Resolutions..bah humbug. I
hate strongly dislike making resolutions. It’s as if on New Year’s day I’m supposed to sit down and say “ok, what’s wrong with me? and what do I need to change?” Am I that bad of a person? Do I really have so many things wrong with me?! I’m fine! And who likes self evaluation anyway??!” Then there is all that stuff about losing weight (which implies I am overweight) exercising more (which implies I am lazy) and eating better (which implies I am gluttonous) Forgettabout it.
That of course is my ego actually telling me I am perfect and I don’t need to change anything. Sorry fella, improvement team coming in. The truth is no matter who we are or where we are at in our lives, there is always room to go up, to change. I learned this from doing yoga actually. As soon as I think I have “aced” a posture, the teacher tells me how to go further. I usually grumble at first thinking “really, this isn’t good enough? C’mon I’ve worked so hard on this!” Ego again. Go further, push yourself. If it doesn’t challenge you it doesn’t change you! Don’t be stagnant! Think about a swamp that doesn’t move. All that sludge and muck just sitting and rotting. Yuck. So I need to change, I get it.

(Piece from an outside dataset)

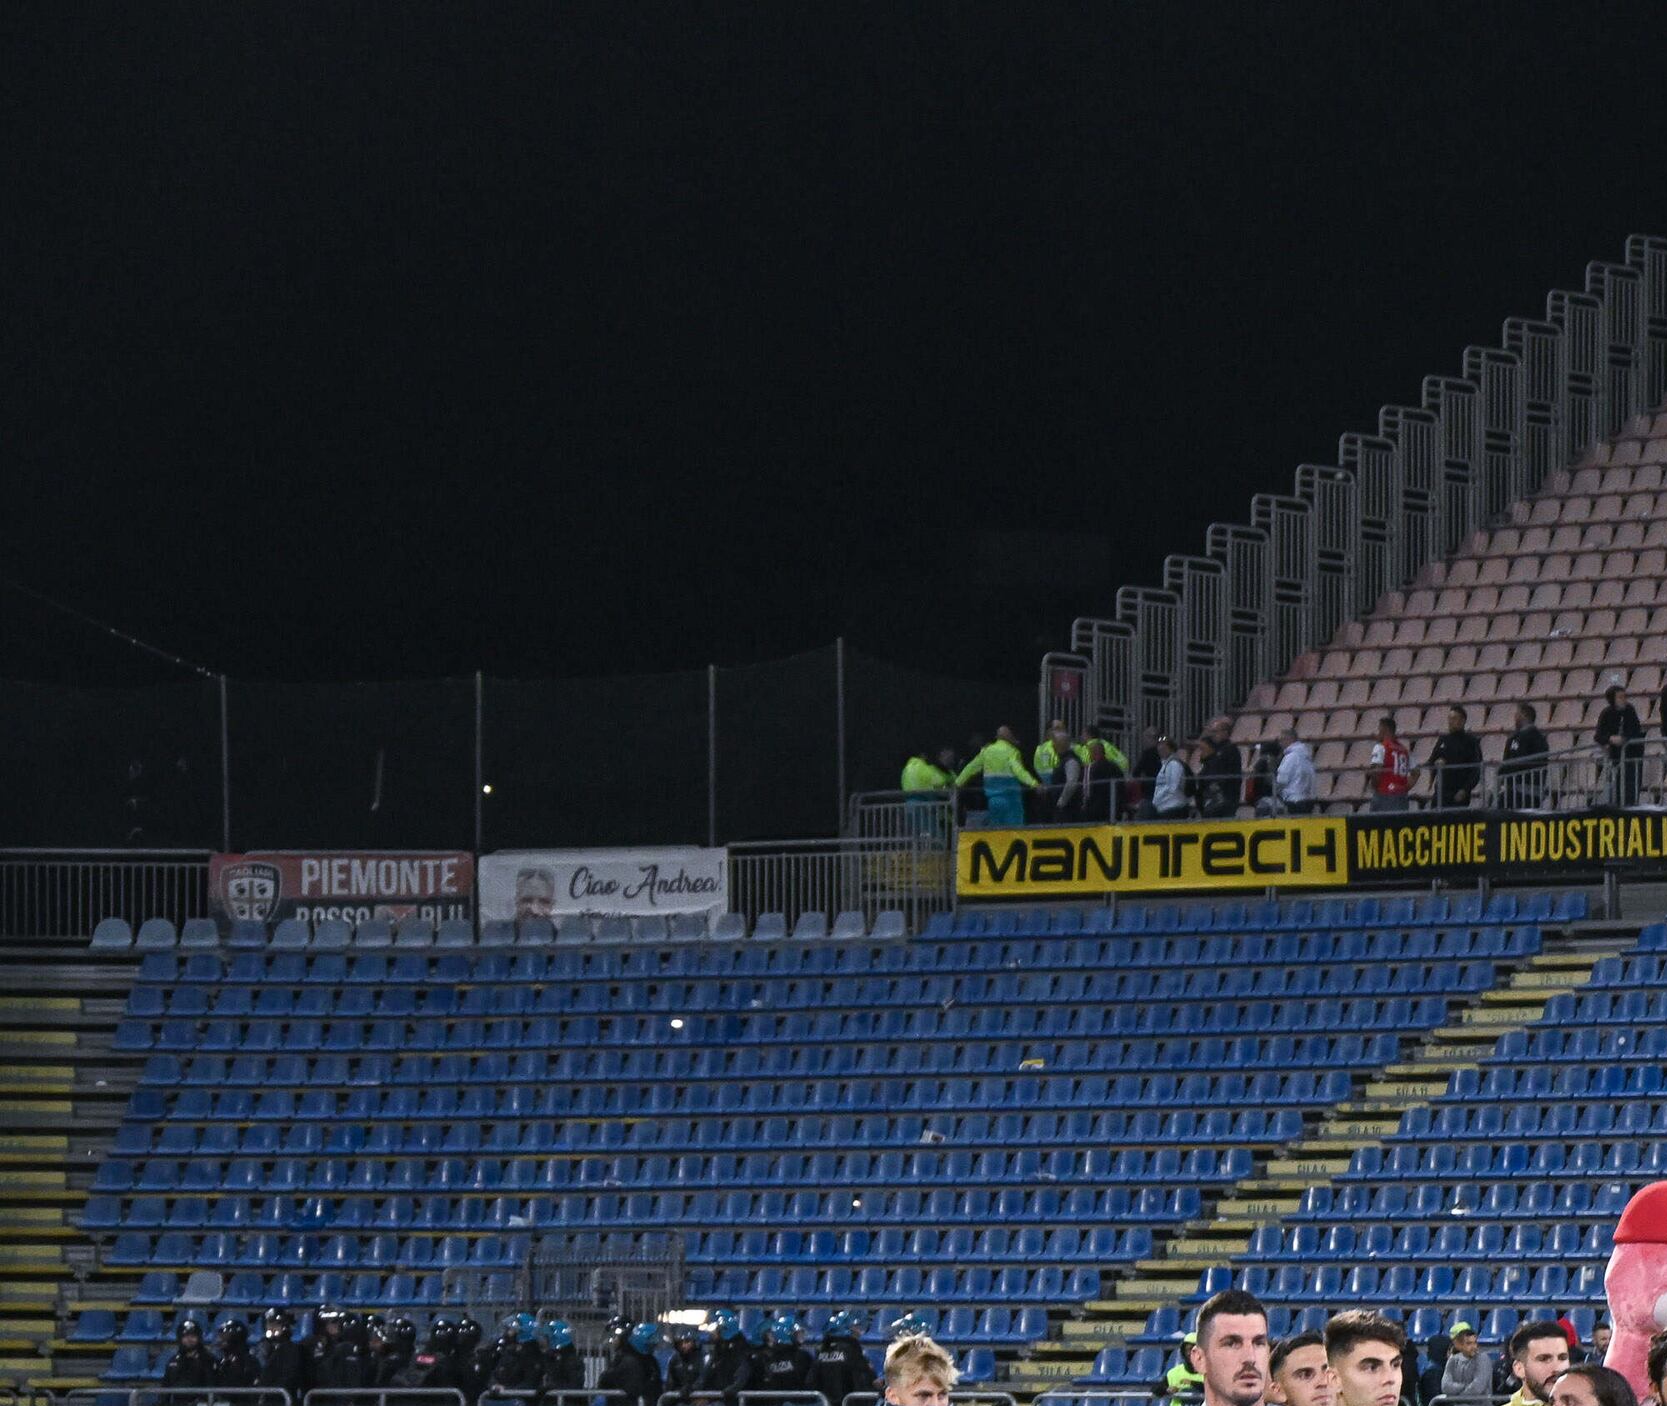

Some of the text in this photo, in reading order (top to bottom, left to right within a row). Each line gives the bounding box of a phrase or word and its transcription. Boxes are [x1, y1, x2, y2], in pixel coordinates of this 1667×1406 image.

[1356, 820, 1486, 870] MACCHINE
[300, 857, 459, 896] PIEMONTE
[569, 866, 619, 900] Ciao

Do I make a resolution to do that? I read this and it got me thinking. A resolution is a firm decision not to do something or a course of action decided on. I can decide all I want but what good will that do me? I need action. I need to BE about it, not TALK about it. So I’m not making any resolutions, I’m starting a revolution, like the Beatles. A revolution is a fundamental change in the way of thinking about or visualizing something. A paradigm shift. Yeah, let’s do that. 🙂
My New Year’s Revolution will include:
Accepting the Challenge – I find sometimes I get lazy and give up. No more! Bring it on life. I’m stepping to the plate and aiming for the field lights.
Gratitude – I, like many people, get grumpy when I think about all the things I don’t have. For instance, a new fancy Vaute Couture jacket, 5 closets full of clothes, a fancy new sofa, etc etc. So how about what I DO have? A jacket, period. More clothes than I probably actually need. A home. Reality check, there are people who have less than that. Suck it up buttercup and be grateful!

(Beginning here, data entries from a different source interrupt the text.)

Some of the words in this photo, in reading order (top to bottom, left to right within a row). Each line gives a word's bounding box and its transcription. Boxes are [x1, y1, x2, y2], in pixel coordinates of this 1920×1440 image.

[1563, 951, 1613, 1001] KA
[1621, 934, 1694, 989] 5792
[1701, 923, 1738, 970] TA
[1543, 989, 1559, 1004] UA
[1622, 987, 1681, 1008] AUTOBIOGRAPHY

Positivity – Negativity is like a black hole of grossness. It sucks you in and, worse than that, it breeds more negativity. What I can’t understand is how you get stuck in it anyway it’s not like it’s fun?! F*ck that. Who’s got the time to be in a pit of negativity with all the amazing things going on in life? Not me!
Vulnerability – If my heart is not open, then I am not open. To anything. I will trust, be open, be honest, be loving. Even if it means it will bite me in the ass later. If that happens, I will revert to the statement below.
I will accept the things I can not change and have the courage to change the things I can – Even if that means I have to change gasp myself!! (which is the hardest thing to do)
Alright 2013, let’s do this. Happy New Year!
What will your New Year’s Revolution include?